Mas como segundo ponto e em oposição a este primeiro que mostra a ausência de uma prática de “cultos pagãos”, de culto de deuses gregos - sustentamos que a antiga experiência grega e latina - a dos chamados pelos cristãos de pagani - foi e é, uma fonte permanente do modo em que os ocidentais, em tanto indivíduos, temos vivenciado ou tentado vivenciar o sagrado: como arte, como mistério do universo e exuberancia da natureza, como erotismo, como realização heroica do destino pessoal. Todos estes elementos foram plasmados desde a construção civilizatoria do mundo helênico.
O Ocidente é a reunião e a luta permanente entre dois espíritos opostos de difícil conciliação, o levantino (semita, mágico) e o grecolatino e clássico. Nossa religiosidade judaicocristã, levantina, soterrou a essa antiga sensibilidade pagã, mas trata-se de uma dimensão em que nada morre mas que se submerge na latência, para retornar com mais impulso. A direção das ciências, da arte e da filosofia, sempre reconheceram sua origem na Grécia. O Renacimiento, a Modernidade, são a continuação, em grande parte, de elementos helênicos e não de judaicocristãos.
Há que diferenciar a religião da experiência do sagrado. Entre os gregos não há uma, senão várias palavras, para dizer religião. Existe por exemplo a palavra sebas, que indica temor, veneração. A palavra sebas é habitualmente traduzida ao latim por pietas. Também religião, em grego, se diz eulábeia. Eulabeia é o correlato especifico do termo latino religio, que significa originariamente atenção, recogimiento, cuidado, precaução. E esta atenção cuidadosa dá-se a respeito das manifestações mesmas do kosmos, que é divino. Também religião em grego se diz threskeia, como o conjunto de atos rituais, de normas, da especificidade das práticas de culto da colectividade. Também, em verdadeiro sentido, a palavra theoría, de onde deriva teoria, é uma palavra do grupo semântico da religião. A palavra theoria - da mesma raiz de théatron, teatro - tem como significado básico contemplar e designa a festividade, o tempo especial em onde o sagrado realiza sua manifestação.
E nesta direcção é mister assinalar que, em termos da visão antiga do mundo, o sagrado inunda muitos aspectos que pareceriam profanos no ponto de se identificar com a cultura em seu conjunto. Em todas partes onde religião e cultura se encontram ainda com sua força original, religião e cultura são no fundo uma mesma coisa, a religião não é um valor que se agregue aos bens culturais, senão mais bem, a mais profunda revelação em seu conteúdo e essência.

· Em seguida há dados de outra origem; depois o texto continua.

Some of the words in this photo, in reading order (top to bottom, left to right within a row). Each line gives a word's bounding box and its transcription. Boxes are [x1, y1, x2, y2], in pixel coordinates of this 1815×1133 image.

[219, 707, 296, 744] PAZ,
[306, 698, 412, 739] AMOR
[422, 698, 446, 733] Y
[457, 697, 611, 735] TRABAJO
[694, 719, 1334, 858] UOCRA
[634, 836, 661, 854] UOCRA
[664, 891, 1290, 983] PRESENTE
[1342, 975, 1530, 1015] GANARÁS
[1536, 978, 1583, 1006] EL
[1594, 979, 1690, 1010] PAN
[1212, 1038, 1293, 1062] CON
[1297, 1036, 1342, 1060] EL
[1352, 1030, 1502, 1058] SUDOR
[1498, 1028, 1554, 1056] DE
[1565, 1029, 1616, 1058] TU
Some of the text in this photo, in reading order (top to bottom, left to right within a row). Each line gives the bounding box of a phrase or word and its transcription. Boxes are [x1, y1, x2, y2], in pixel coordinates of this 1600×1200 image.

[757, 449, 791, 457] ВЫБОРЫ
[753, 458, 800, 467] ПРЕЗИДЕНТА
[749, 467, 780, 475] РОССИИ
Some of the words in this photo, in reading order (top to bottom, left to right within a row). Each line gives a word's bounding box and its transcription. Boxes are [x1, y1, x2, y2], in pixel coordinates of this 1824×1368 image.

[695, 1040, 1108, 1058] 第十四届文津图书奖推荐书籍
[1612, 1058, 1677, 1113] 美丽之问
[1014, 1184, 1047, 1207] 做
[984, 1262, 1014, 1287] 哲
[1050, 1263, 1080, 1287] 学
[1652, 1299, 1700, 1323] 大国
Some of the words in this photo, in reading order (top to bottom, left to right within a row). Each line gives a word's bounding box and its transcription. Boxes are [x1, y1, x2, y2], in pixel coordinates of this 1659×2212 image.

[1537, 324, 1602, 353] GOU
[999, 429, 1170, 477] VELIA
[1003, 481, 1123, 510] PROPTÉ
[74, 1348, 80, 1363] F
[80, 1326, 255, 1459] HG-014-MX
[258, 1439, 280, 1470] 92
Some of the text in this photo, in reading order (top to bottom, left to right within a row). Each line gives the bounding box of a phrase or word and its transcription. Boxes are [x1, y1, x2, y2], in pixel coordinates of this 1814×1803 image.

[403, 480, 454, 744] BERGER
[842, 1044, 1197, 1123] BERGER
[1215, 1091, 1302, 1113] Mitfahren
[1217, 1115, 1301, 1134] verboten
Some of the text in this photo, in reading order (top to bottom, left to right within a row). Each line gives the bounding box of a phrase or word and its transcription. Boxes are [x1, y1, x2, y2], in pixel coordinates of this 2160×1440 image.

Esta união indivisivel entre religião e cultura não é uma interpretação filosófica, senão um atestado de um ato concreto. No mundo antigo, antes da irrupção do Cristianismo, religião é sinônimo de cultura, pois só desde o Cristianismo se acede a uma religião de índole universal, a uma religião que trascende justamente os elementos específicos de uma cultura particular.
Há que partir da conhecida característica essencial da religião grega, o que se denomina religião epifânica. A palavra epifanía vem da raiz phan que significa se manifestar. Falar de uma religião epifânica significa que os deuses se manifestam continuamente no mundo, que o mundo mesmo, como cosmos eterno, é uma contínua epifanía. Isto é, os deuses gregos, todo o conjunto do panteão, não são deuses trascendentes, não são deuses fora do mundo. Todos os deuses representam aspectos sagrados deste mundo.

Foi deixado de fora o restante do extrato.